A whole army passes, all of them with hoods and cut-out scare-faces on, heading toward Hatchapaloo Creek. It is like the war is starting all over again, and this here is a ghost army. More military-like than the real military, because during the war, most our soldiers didn't even have uniforms or horses. They were just ragtag units out to defend what they thought was theirs when all along this land belonged to nobody, North or South. This land, it is of itself.

I even think that I hear the sound of Pappy's voice. Then I hear the fearful, sad cries of someone they have, someone they are hurting.

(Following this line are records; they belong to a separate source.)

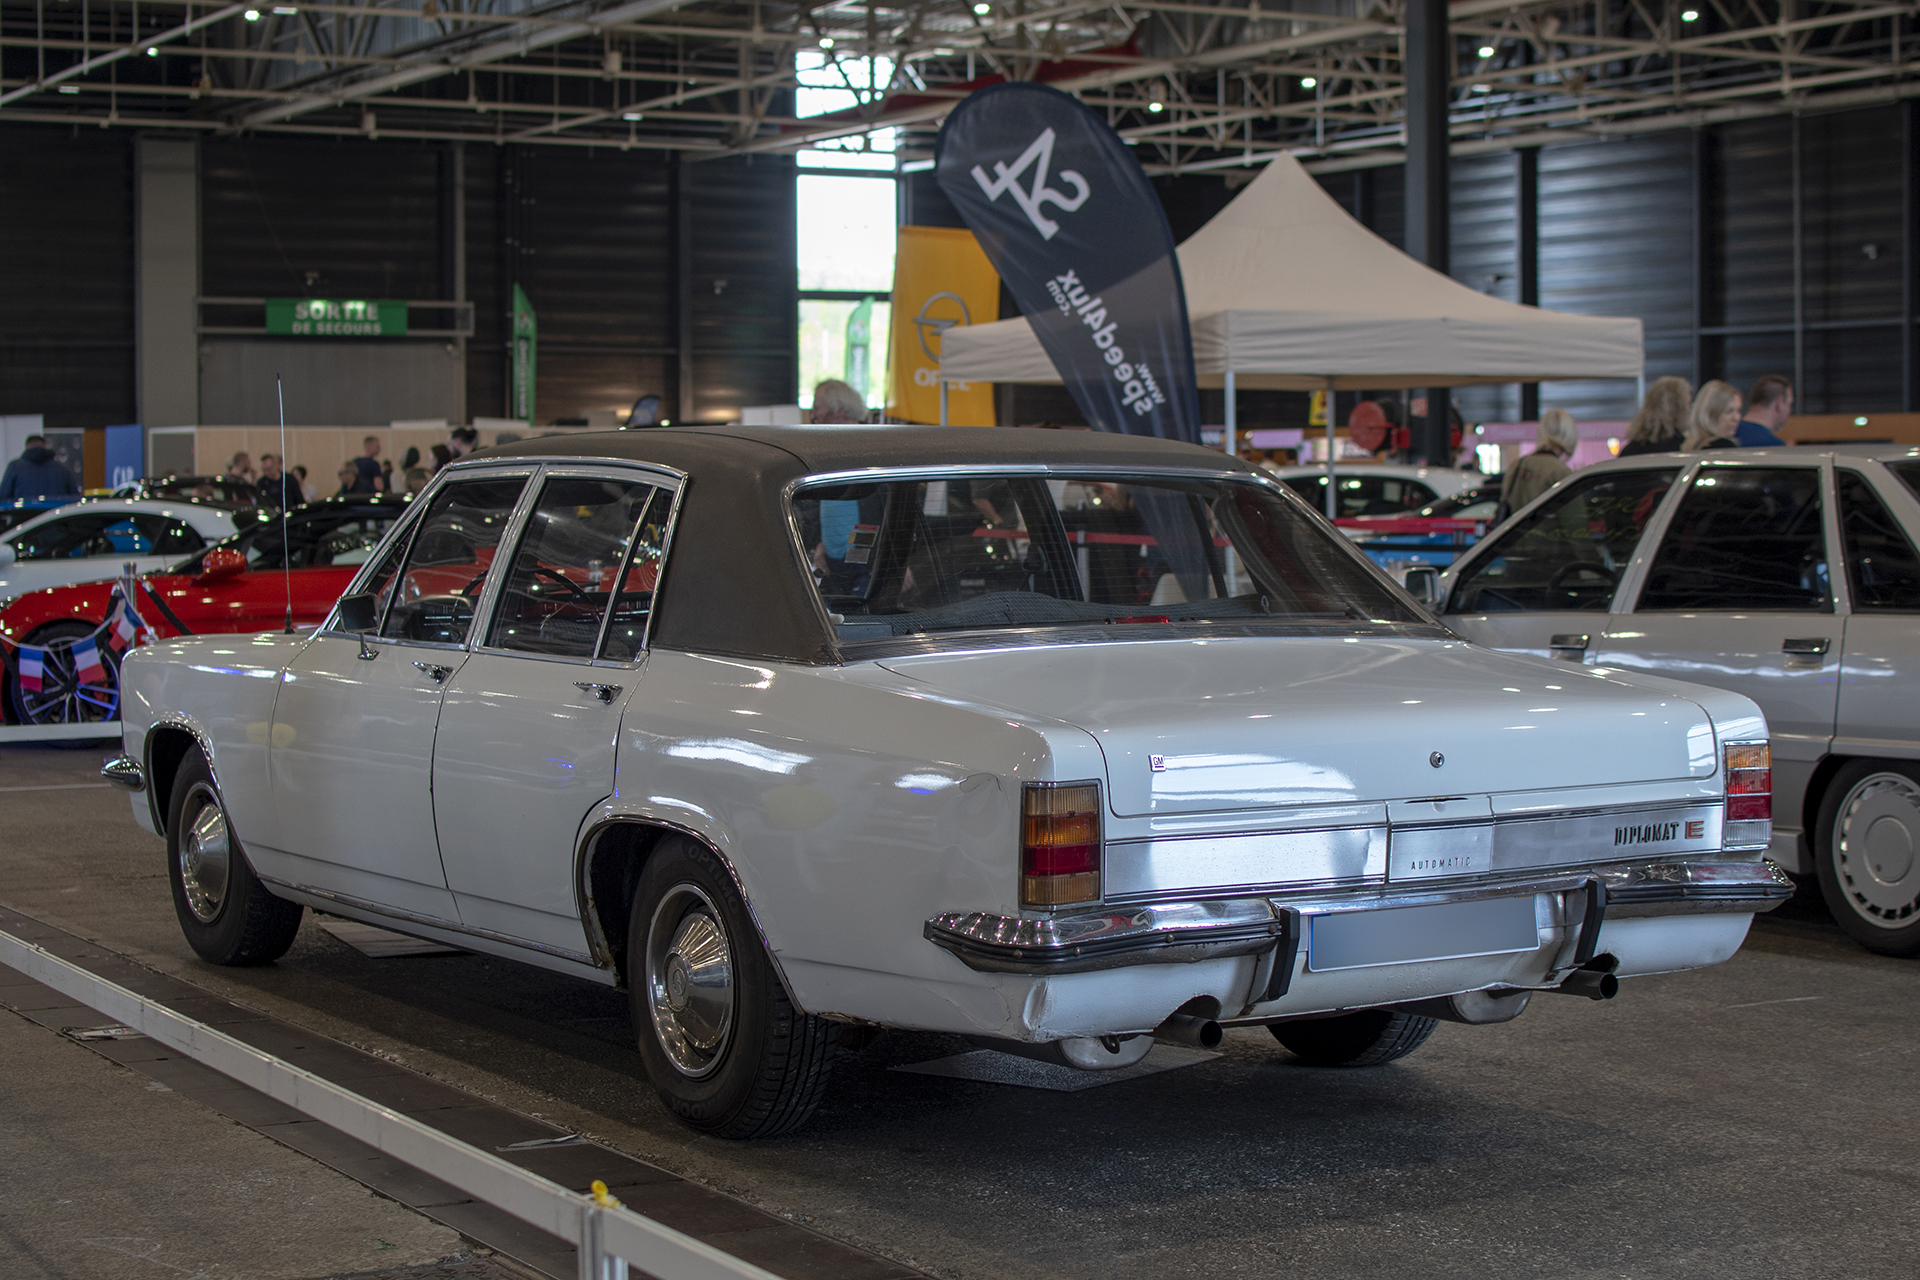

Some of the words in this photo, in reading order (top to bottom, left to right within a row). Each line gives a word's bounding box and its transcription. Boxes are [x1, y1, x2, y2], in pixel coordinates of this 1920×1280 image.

[295, 301, 379, 320] SORTIE
[292, 322, 311, 335] DE
[316, 322, 382, 335] SECOURS
[1614, 822, 1679, 846] DIPLOMAT
[1684, 820, 1704, 839] E
[1410, 857, 1471, 870] AUTOMATIC
[688, 845, 740, 914] OPTIMO

I run and follow, trying to stay close behind, using the canebrakes as cover and shortcuts that only I know. I know this land now and I know how to hide. I know how to disappear behind trees. I know how to disappear inside trees.
Already I feel myself to be half ghost, slinking around these woods over rotted logs with the slow-moving snakes and field mice.

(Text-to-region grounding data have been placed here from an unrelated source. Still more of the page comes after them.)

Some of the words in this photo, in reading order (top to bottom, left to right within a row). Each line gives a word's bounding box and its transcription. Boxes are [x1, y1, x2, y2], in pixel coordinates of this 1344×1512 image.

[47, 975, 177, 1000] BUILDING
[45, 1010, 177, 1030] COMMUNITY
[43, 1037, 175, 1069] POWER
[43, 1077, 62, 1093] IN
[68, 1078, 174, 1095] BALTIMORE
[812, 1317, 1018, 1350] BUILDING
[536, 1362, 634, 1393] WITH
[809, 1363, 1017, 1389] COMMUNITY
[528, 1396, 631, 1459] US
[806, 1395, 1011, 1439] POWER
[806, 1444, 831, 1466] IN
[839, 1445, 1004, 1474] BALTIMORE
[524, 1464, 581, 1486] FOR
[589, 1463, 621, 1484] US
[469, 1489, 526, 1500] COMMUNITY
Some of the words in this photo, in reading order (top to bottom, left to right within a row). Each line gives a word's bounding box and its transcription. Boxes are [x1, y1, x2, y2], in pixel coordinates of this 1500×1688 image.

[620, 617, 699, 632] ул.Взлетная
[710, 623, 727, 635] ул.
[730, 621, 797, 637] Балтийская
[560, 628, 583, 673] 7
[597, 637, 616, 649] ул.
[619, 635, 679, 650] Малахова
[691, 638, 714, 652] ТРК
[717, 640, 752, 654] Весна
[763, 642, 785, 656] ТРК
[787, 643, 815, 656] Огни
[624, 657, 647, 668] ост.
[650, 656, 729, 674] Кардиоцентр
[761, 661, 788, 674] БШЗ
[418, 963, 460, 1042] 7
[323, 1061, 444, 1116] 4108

I hear the men shout and talk of their plans to kill the man they have. I try and see what I can. The man is a black man.

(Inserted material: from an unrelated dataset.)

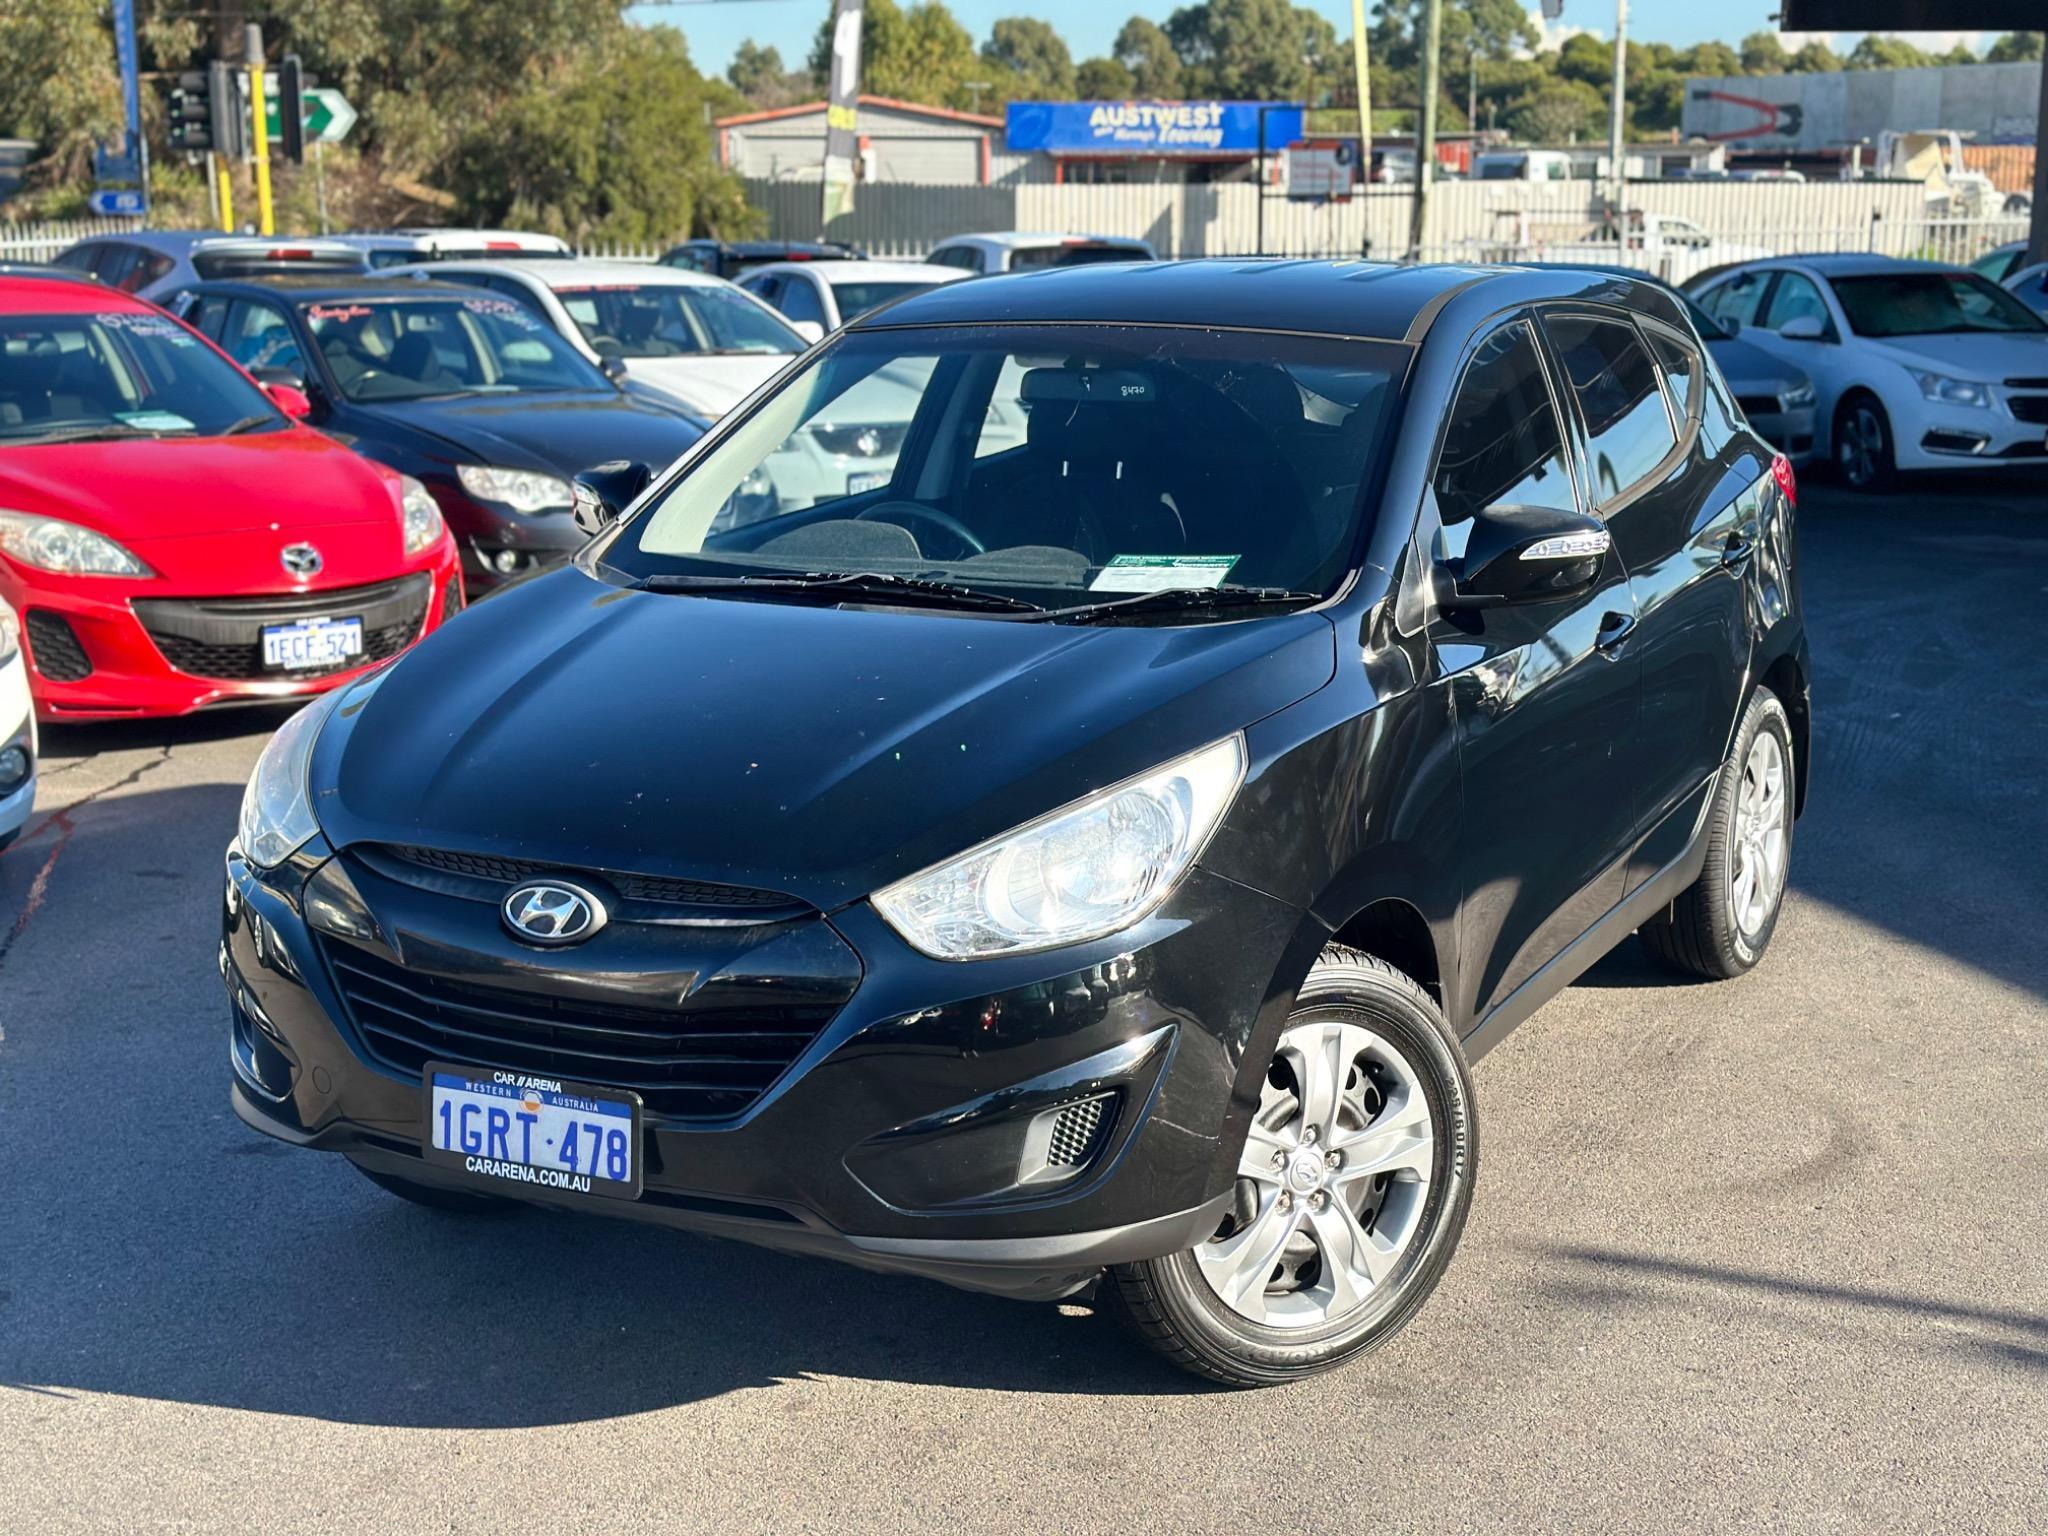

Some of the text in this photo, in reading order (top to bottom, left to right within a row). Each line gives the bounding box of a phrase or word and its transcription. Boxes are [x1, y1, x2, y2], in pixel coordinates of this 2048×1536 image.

[1089, 102, 1224, 128] AUSTWEST
[465, 1081, 599, 1112] WESTERN AUSTRALIA
[465, 1156, 591, 1193] CARARENA.COM.AU

They all stop talking and I think they have heard me, but instead a screech owl calls. They take trigger notice. Everybody knows a screech owl's call means death is somewhere near. The black man is the only one to turn and see me. Our eyes catch. The man is Sunny Rise, Jess Still's pa. And I think,
How can this be?
They killed Jess Still and now his pa, Sunny Rise?

I put my finger to my lips. Sunny Rise nods.

"It's witchy out here tonight," someone says. It's Smasher, and I can tell from the sound of his voice that he is not trying to scare. He
is
scared.

I feel something warm and furry near my foot. It is a skunk—I must not smell human to it. I must smell animal. Quietly and very very slowly, I climb the tree next to me, and the skunk waddles away. I am right above all the men. I shake down some tree ice.

"Cold ice is falling from the sky, Mark," someone says.

I hear, "Who that be?" and "It's somebody." I hear, "Who that there?" and "This here me." I hear, "Could you mind?"

I call like a screech owl.

Sunny Rise takes notice and slowly backs away from the men who have gotten down from their horses to look around. They take a few steps further and one of the men screams like a little girl. He holds up one of the old soldier leg bones, for they stand right smack in the land of the bones. They all of them scream and take off their hoods and I lean down from my tree branch to get a closer look at their faces. The moon is low and dim tonight, but when the clouds pass I see the bright red hair of Rew Smith. He has taken off his little, white costume hood and he is standing there, wailing like a little girl.

I hear Mr. Smith yelling at Rew to quit whining. "They're just bones."

"They're prob'ly just Indian bones," I hear Pappy say. He is without his hood because I have his hood.

I can see that Sunny Rise has gotten away. He has run away, but the men still have not taken notice because they are too fearful for themselves.

I see the white tail of the skunk again, coming back now with a whole family of skunks. I shake more tree ice and it falls
on the skunk family. All that ice and the men yelling get the skunks good and mad, and with the smell comes more yelling, and finally the clouds pass again and I can see Pappy hitting Smasher on the top of the head with a thigh bone, shouting, "He got away," and Smasher is shouting,"
We
got to get out of here, now!" And Rew Smith is still standing there front and center, wailing wailing wailing.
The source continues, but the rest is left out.